Characterization and isolation of promoter-defined nestin-positive cells from the human fetal pancreas.

Studies using adult human islets and mouse embryonic stem cells have suggested that the neurepithelial precursor cell marker nestin also identifies and can be used to purify beta-cell precursors. To determine whether nestin can be used to identify beta-cell progenitors in the developing human pancreas, we characterized nestin expression from 12 to 24 gestational weeks, purified nestin+ cells using an enhancer/promoter-driven selection plasmid, and determined whether nestin+ cells can differentiate into beta-cells. Nestin was visualized in the platelet endothelial cell adhesion molecule and alpha smooth muscle actin-positive blood vessels and colocalized with vimentin in the interstitium. Nestin was not observed in pan cytokeratin (pCK)-positive ductal epithelium or insulin cells. Purified nestin+ cells also coexpressed vimentin and lacked pCK immunoreactivity. Purified adult and fetal pancreatic fibroblasts also expressed nestin. The nestin enhancer/promoter used in the selection plasmid was sufficient to drive reporter gene expression, green fluorescent protein, in human fetal pancreatic tissue.
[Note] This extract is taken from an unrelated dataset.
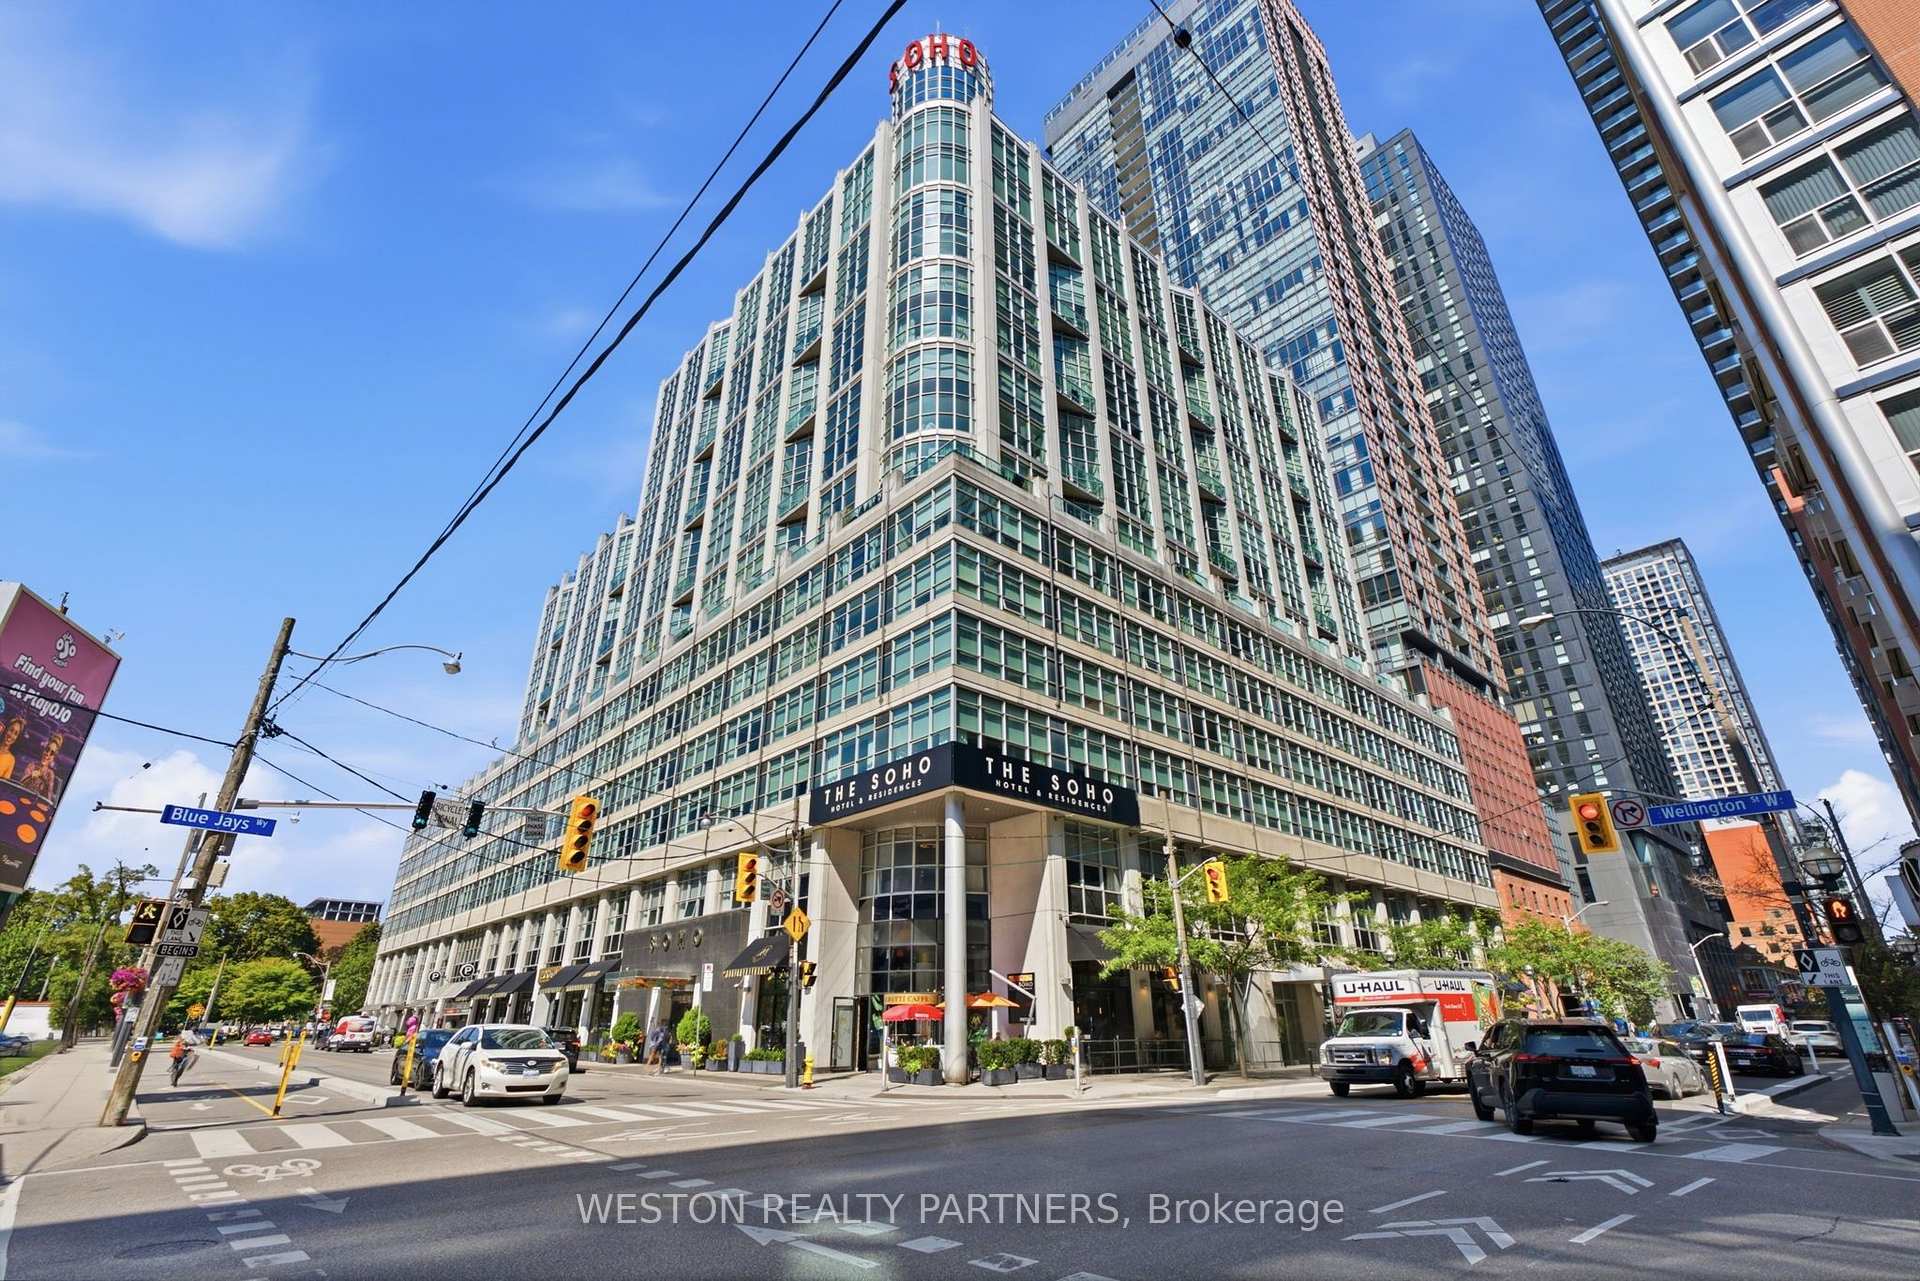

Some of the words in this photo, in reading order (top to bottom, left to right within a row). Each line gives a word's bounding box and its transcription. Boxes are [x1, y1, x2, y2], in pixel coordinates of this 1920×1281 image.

Exposure of selected nestin+ cells to nicotinamide, hepatocyte growth factor/scatter factor, betacellulin, activin A, or exendin-4 failed to induce pancreatic and duodenal homeobox gene-1 or insulin message as determined by RT-PCR. Transplantation of nestin+ cells and fetal pancreatic fibroblasts into athymic mice also failed to result in the development of beta-cells, whereas nestin- fetal pancreatic epithelial cells gave rise to functional insulin-secreting beta-cells. We conclude that nestin is not a specific marker of beta-cell precursors in the developing human pancreas.